Clearly something is going wrong though, so I've simply increased the max startups from 10 to 30. I'm not convinced that will fix it, but I'm at a loss so figured we should try it and see what happens.

comment:11 Changed 23 months ago by https://id.mayfirst.org/jamila

Thanks! This happened early this morning from grits.palantetech.coop (199.58.81.200). I'm checking now and it's not true. rdiff-backup is the same version. Not sure if this is related.

May 05 01:19:59 Info: >>>> starting action /etc/backup.d/91-mfpl.rdiff (because current time matches everyday at 01:00)
May 05 01:20:13 Fatal: rdiff-backup does not have the same version at the source and at the destination.
May 05 01:20:13 Fatal: <<<< finished action /etc/backup.d/91-mfpl.rdiff: FAILED

comment:12 Changed 23 months ago by https://id.mayfirst.org/jamila

It happened again over the weekend. Let me know if you want any more information than this.

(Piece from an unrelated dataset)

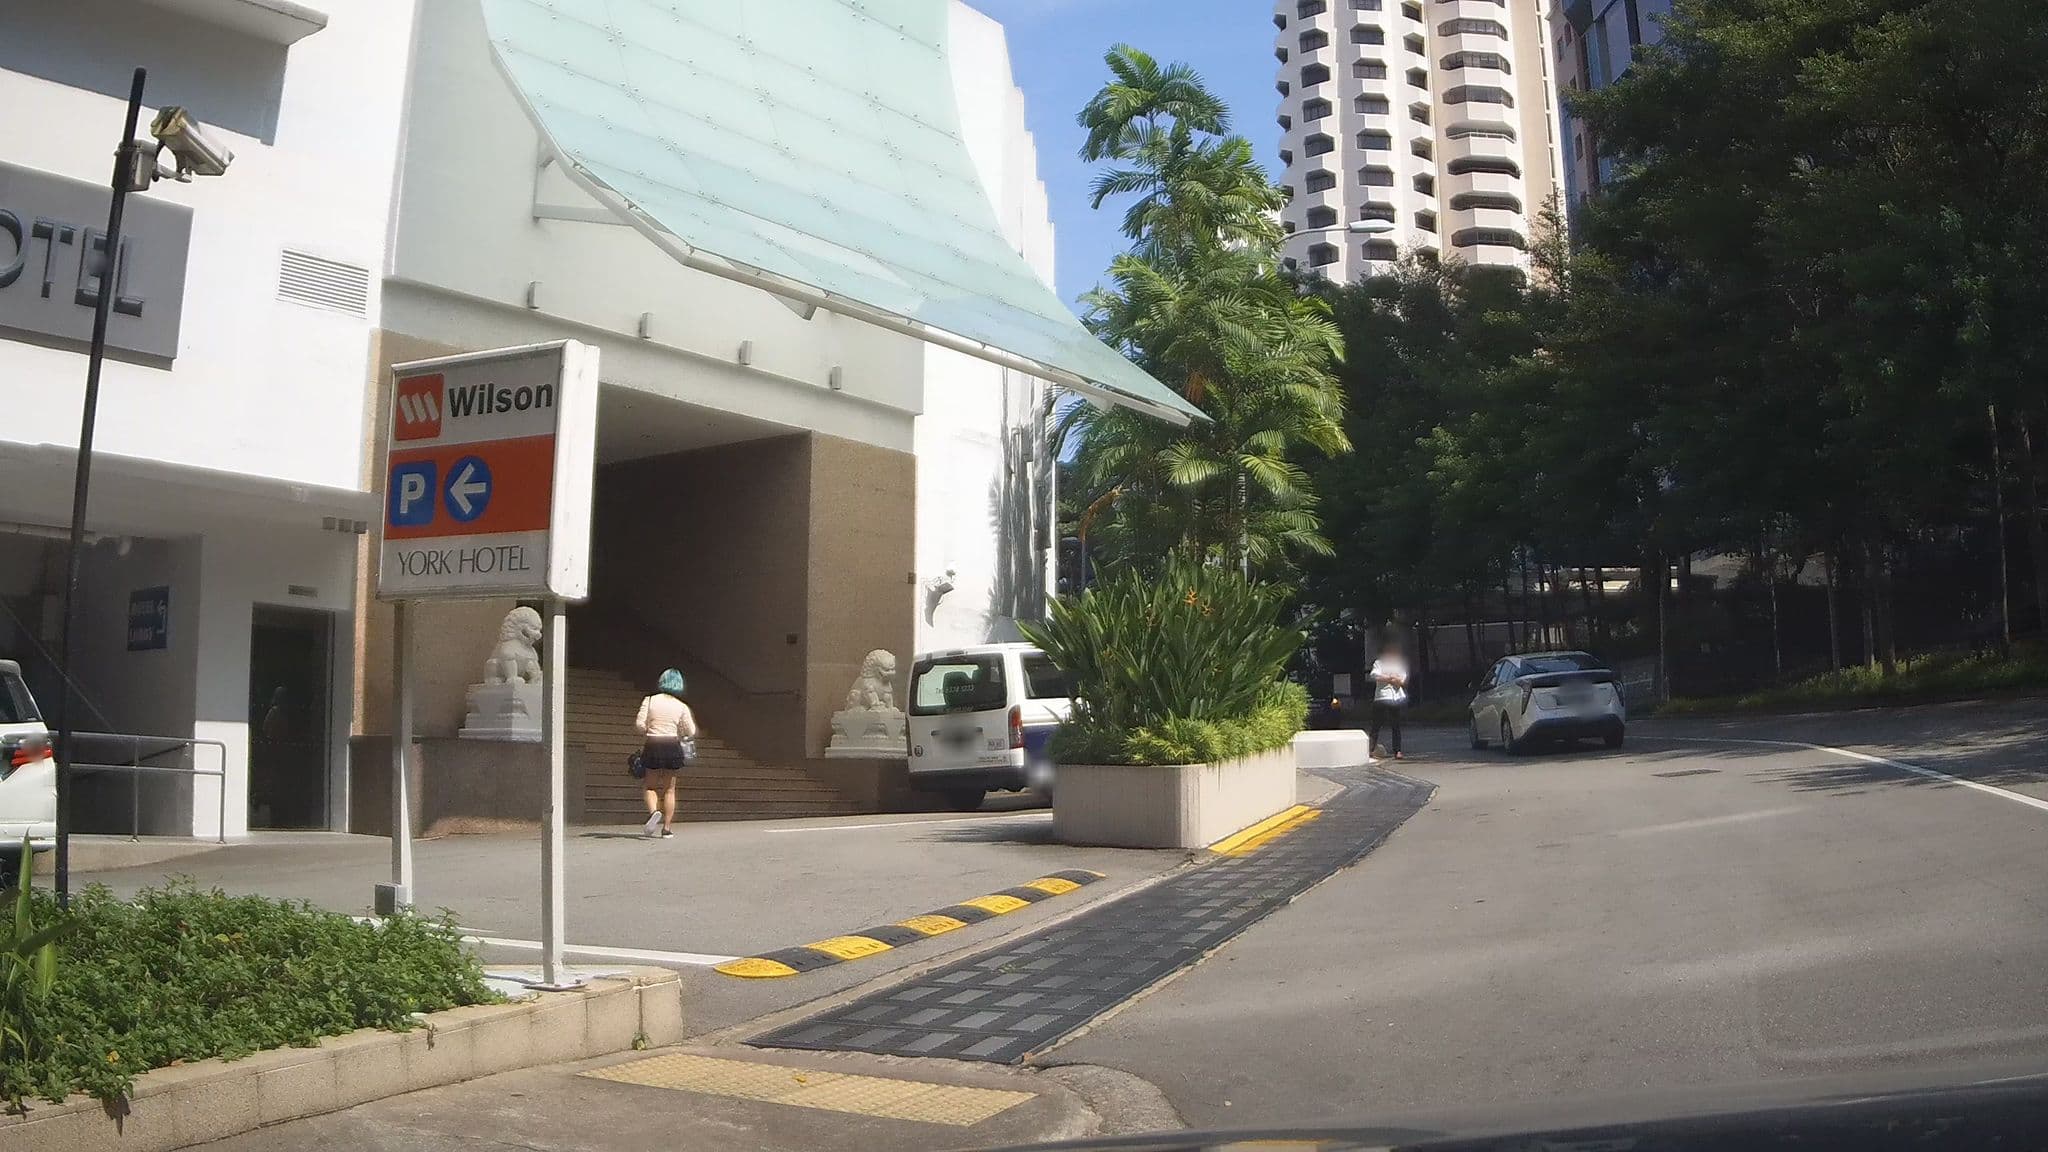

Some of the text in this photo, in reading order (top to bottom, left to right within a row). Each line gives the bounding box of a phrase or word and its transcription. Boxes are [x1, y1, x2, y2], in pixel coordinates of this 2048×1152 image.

[449, 383, 553, 418] Wilson
[399, 472, 426, 514] P
[398, 545, 530, 576] YORK HOTEL
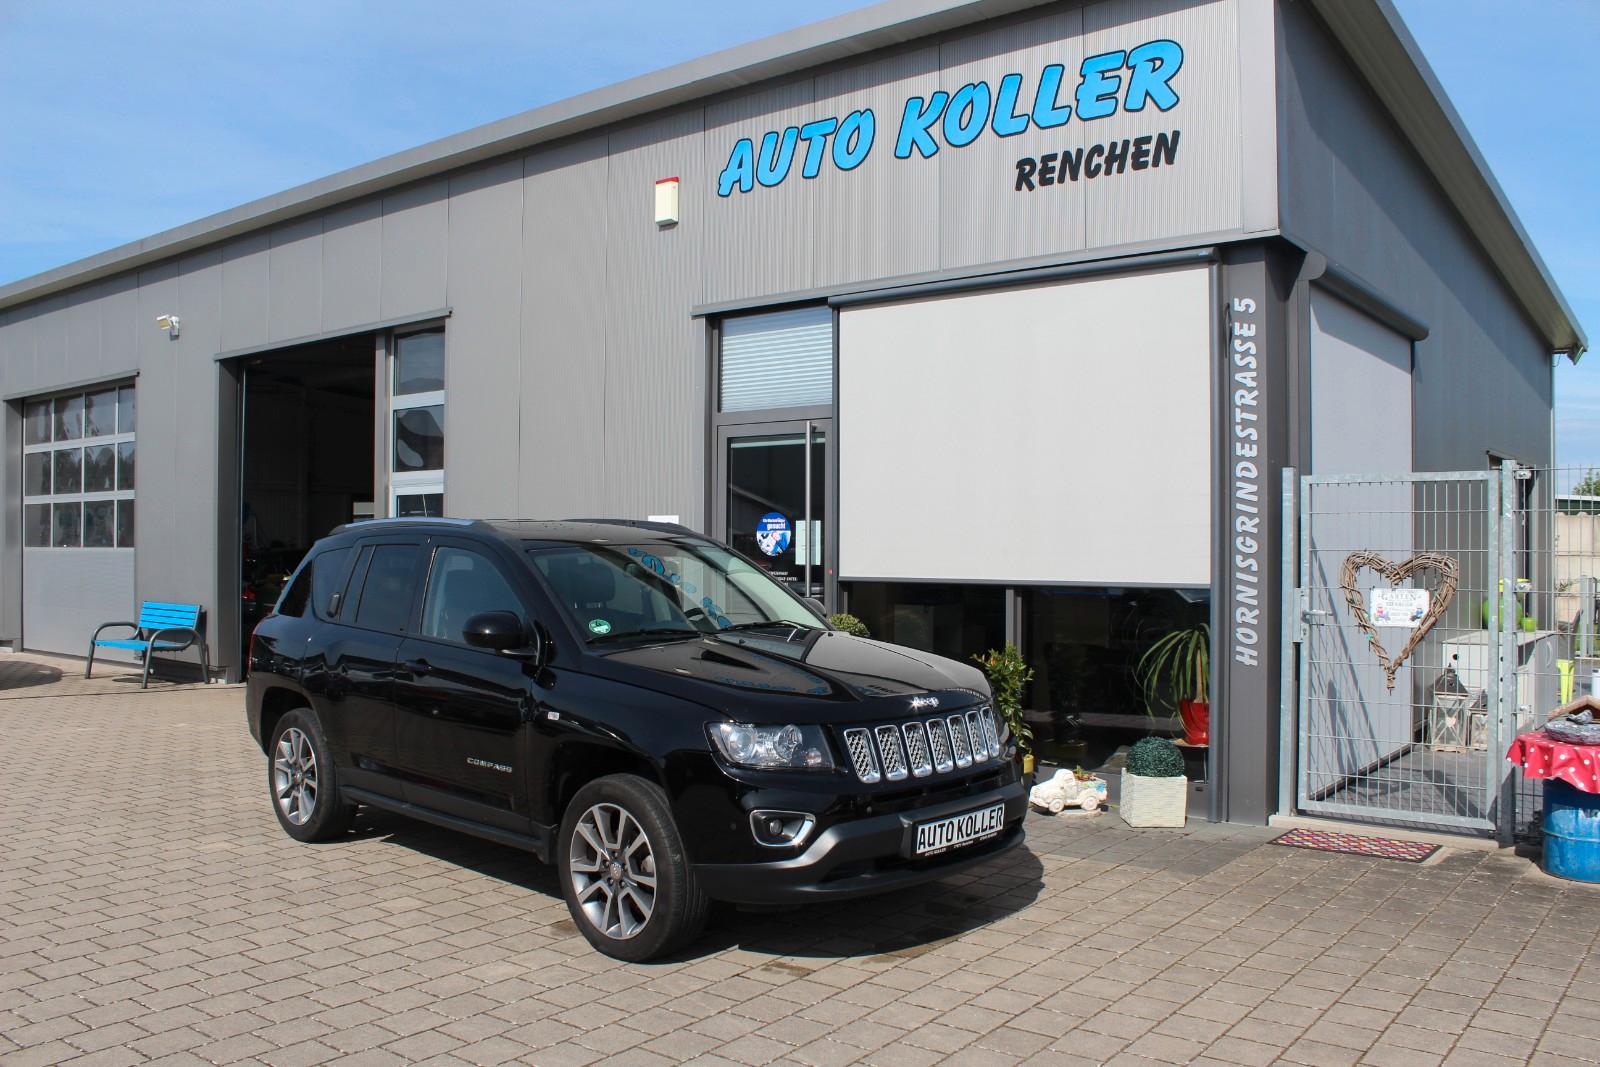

One happened from office.srlp.org (68.173.15.176) connecting as srlp-sync.

May 08 01:14:29 Info: >>>> starting action /etc/backup.d/91-mfpl.rdiff (because current time matches everyday at 01:00)
May 08 01:15:57 Fatal: Can't connect to iz.mayfirst.org as srlp-sync.
May 08 01:15:57 Fatal: <<<< finished action /etc/backup.d/91-mfpl.rdiff: FAILED

This also happened again on grits.palantetech.coop (199.58.81.200).

May 07 01:10:18 Info: >>>> starting action /etc/backup.d/91-mfpl.rdiff (because current time matches everyday at 01:00)
May 07 01:10:29 Fatal: Can't connect to iz.mayfirst.org as palantetech-sync.
May 07 01:10:29 Fatal: <<<< finished action /etc/backup.d/91-mfpl.rdiff: FAILED

comment:13 Changed 23 months ago by https://id.mayfirst.org/jaimev

This may mean that the problem we suspected may not the root cause of the disconnections. One thing I did notice when logging into iz during the evening is that it was very high disk io and wait times due to so many machines making overnight backups.

comment:14 Changed 23 months ago by https://id.mayfirst.org/jamie

Frustrating. I just reset our ssh configuration since that didn't work (and the debug level of logging doesn't help).

Jaime - can you setup fail2ban on iz to block on "Invalid user"?

According to sar our wait times never go over 50% so it seems strange that iz would reject ssh connections.

comment:15 Changed 23 months ago by https://id.mayfirst.org/jamila

Thank you! I'll let you know if that helps. Fwiw I'm also looking into switching from using rdiffbackup to using borg, which runs a *lot* quicker. Just on servers we control, there are over a dozen nightly backup jobs to iz, so I am hoping to eventually lower the effective load by using a more efficient program.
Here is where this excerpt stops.